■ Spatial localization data
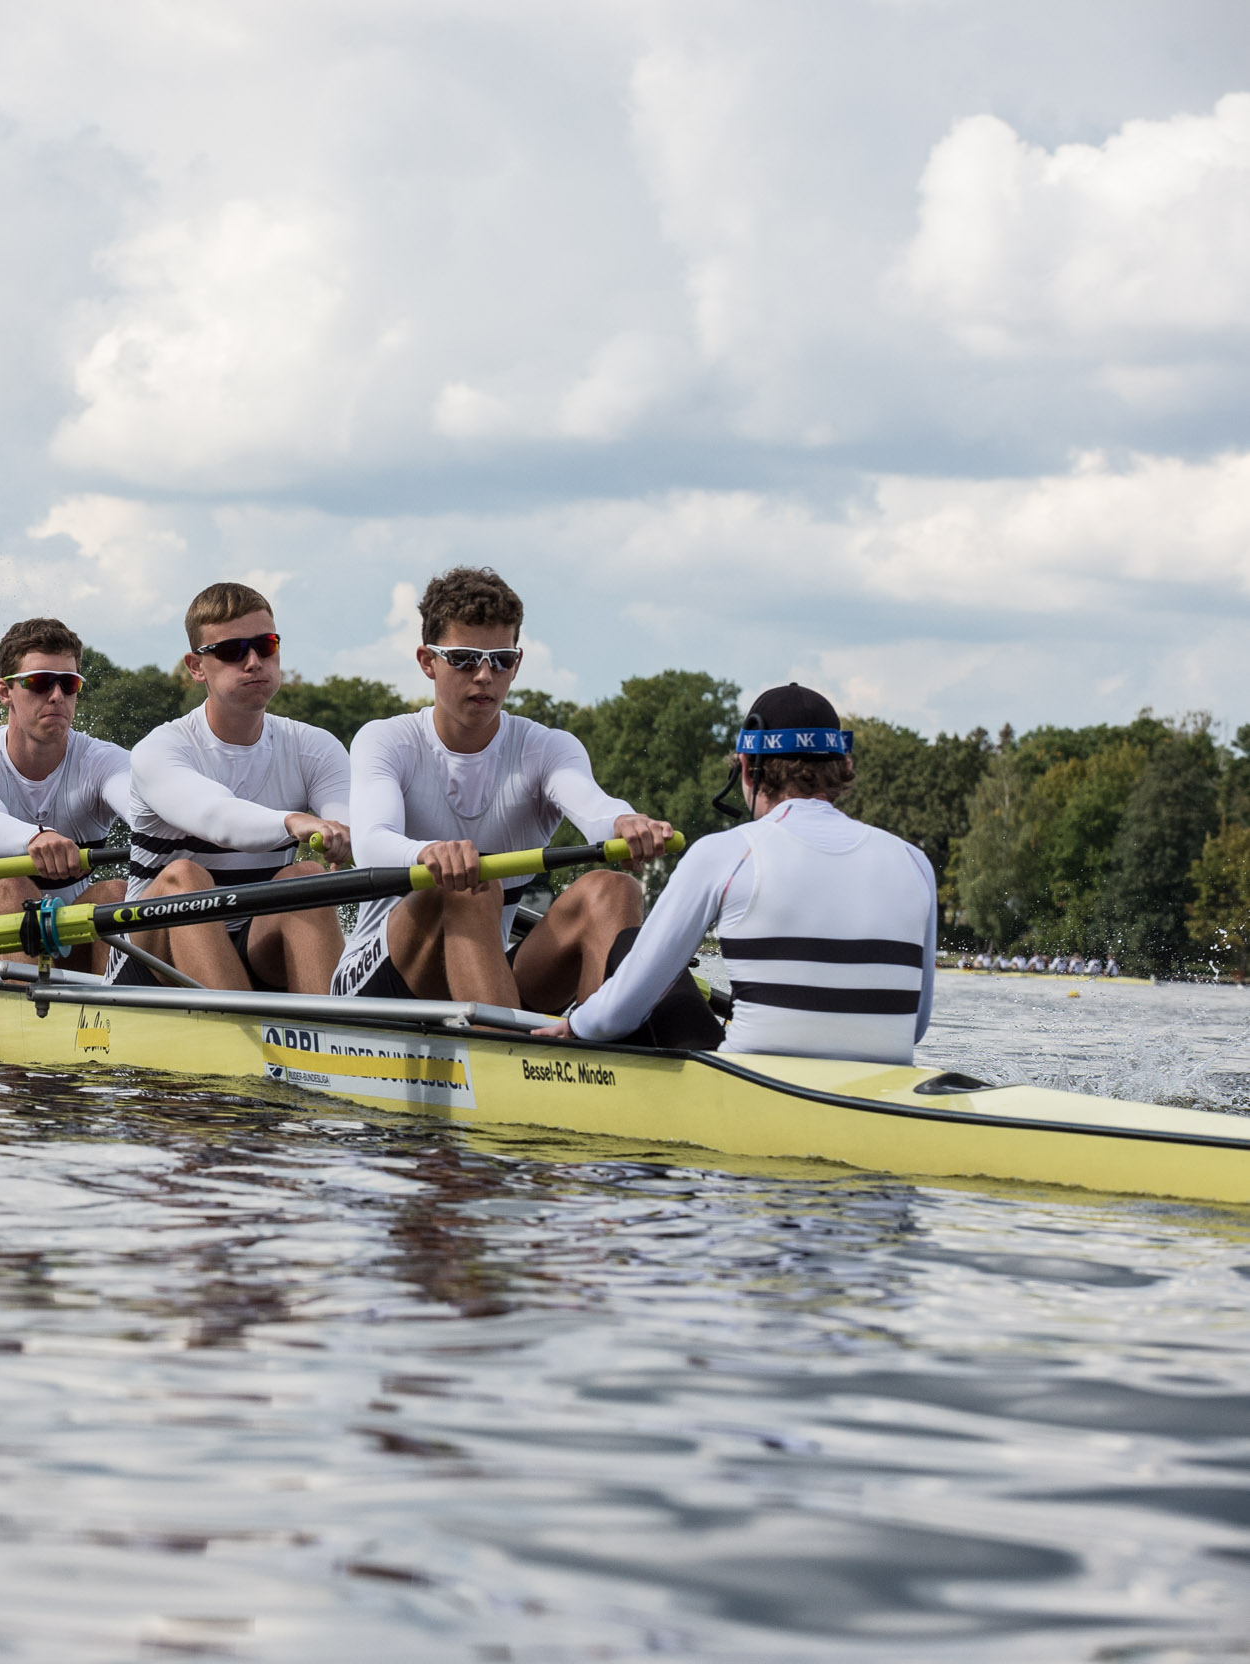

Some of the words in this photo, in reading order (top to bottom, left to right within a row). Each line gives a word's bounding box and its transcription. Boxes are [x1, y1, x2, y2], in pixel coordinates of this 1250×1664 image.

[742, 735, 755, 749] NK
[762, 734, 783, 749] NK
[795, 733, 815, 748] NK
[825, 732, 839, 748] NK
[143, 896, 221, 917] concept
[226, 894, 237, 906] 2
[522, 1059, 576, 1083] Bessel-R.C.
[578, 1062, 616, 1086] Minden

■ Assignment
Each record above should be duplicated word for word, with no pictures included.

■ Result of the task
Some of the words in this photo, in reading order (top to bottom, left to right within a row). Each line gives a word's bounding box and its transcription. Boxes are [x1, y1, x2, y2], in pixel coordinates of this 1250×1664 image.

[742, 735, 755, 749] NK
[762, 734, 783, 749] NK
[795, 733, 815, 748] NK
[825, 732, 839, 748] NK
[143, 896, 221, 917] concept
[226, 894, 237, 906] 2
[522, 1059, 576, 1083] Bessel-R.C.
[578, 1062, 616, 1086] Minden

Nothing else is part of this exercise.